Throughout this journey, we’ve encountered and solved numerous device management challenges — provisioning devices at scale, enforcing security policies, configuring devices remotely, and much more. One key takeaway is that creating a robust Terminal Management Solution involves more than just deploying devices; it requires deep insights into the Android OS and application-level management, ensuring that these terminals can handle the rigors of real-world commerce.

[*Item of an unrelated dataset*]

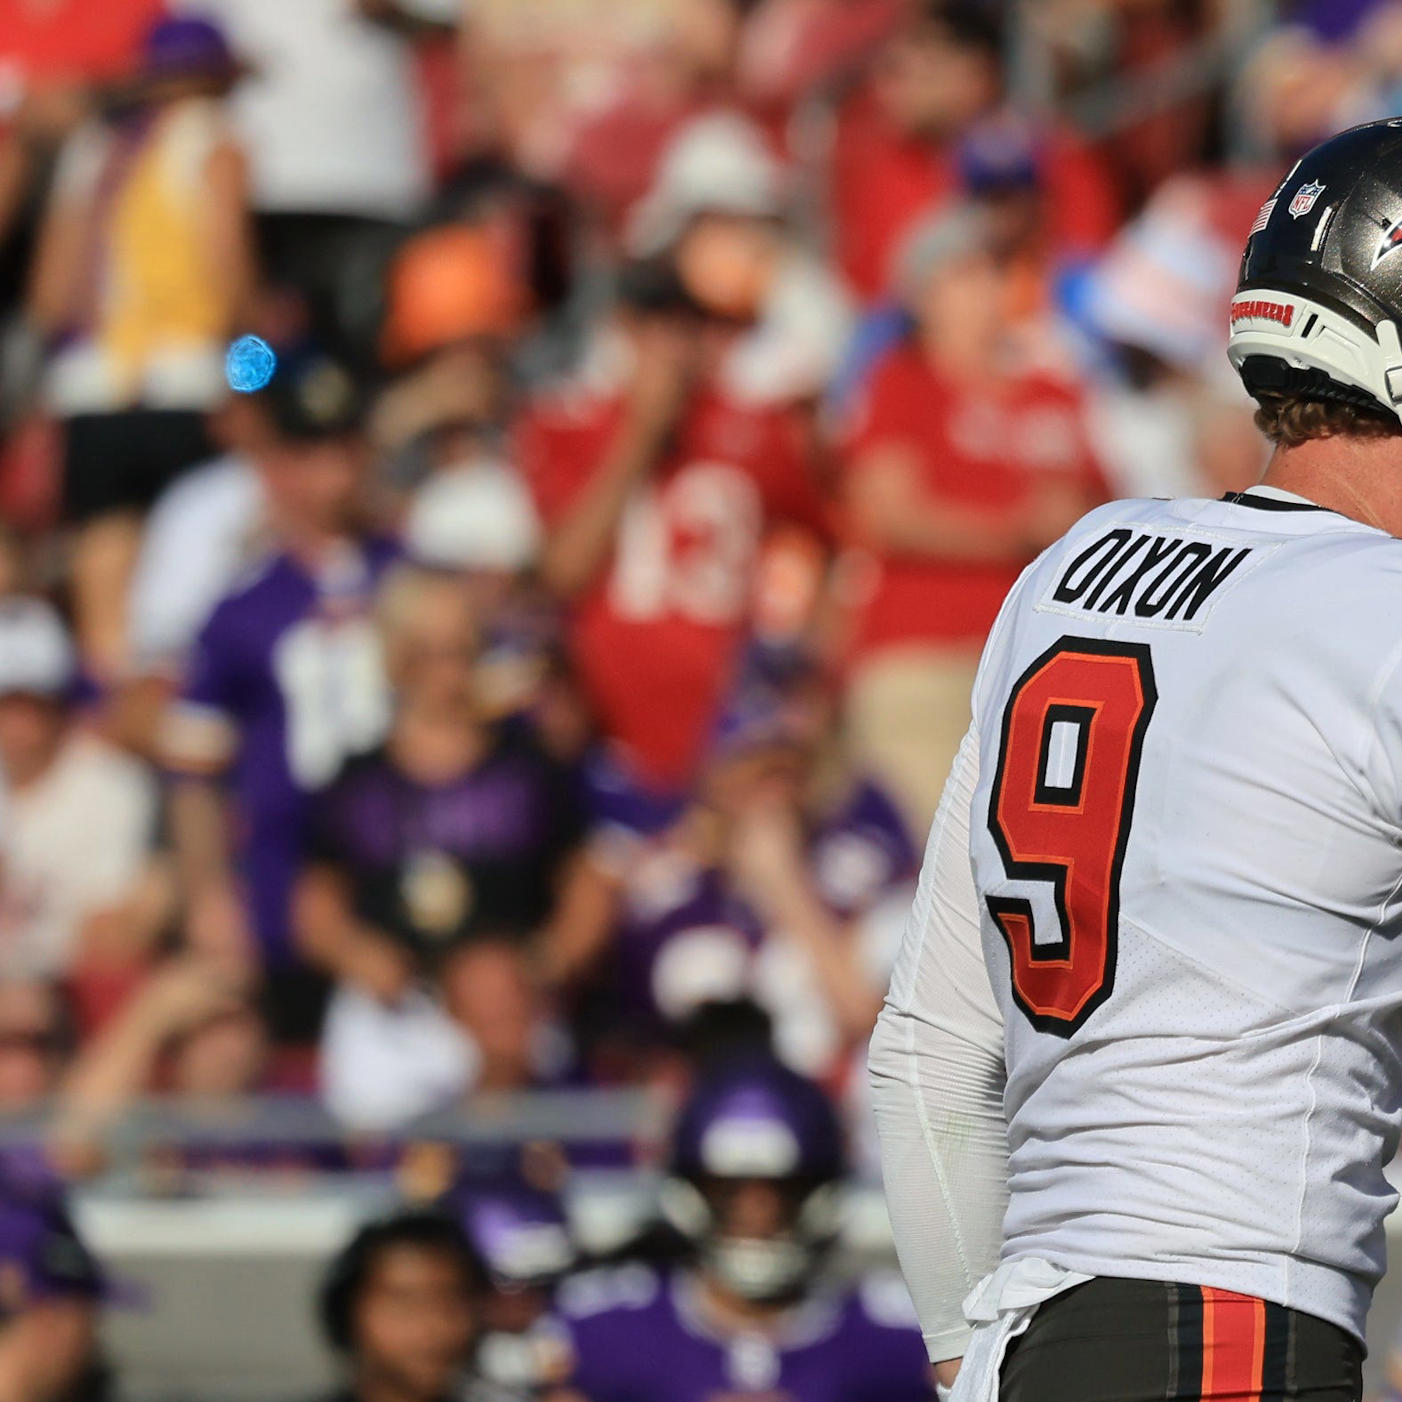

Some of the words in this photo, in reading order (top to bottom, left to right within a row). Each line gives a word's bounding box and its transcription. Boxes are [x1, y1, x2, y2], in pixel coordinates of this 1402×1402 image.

[1293, 195, 1312, 211] NFL
[1053, 529, 1252, 621] DIXON
[986, 635, 1158, 1040] 9

I hope the tools and techniques outlined in this post will help others in similar roles, whether managing a few hundred or hundreds of thousands of devices. As Android continues to evolve, so too will device management capabilities, and I look forward to seeing what new features emerge to simplify and secure the management of large fleets of devices.
In the end, it’s all about making sure that every transaction, every tap, and every payment is seamless, secure, and reliable — no matter how large the scale.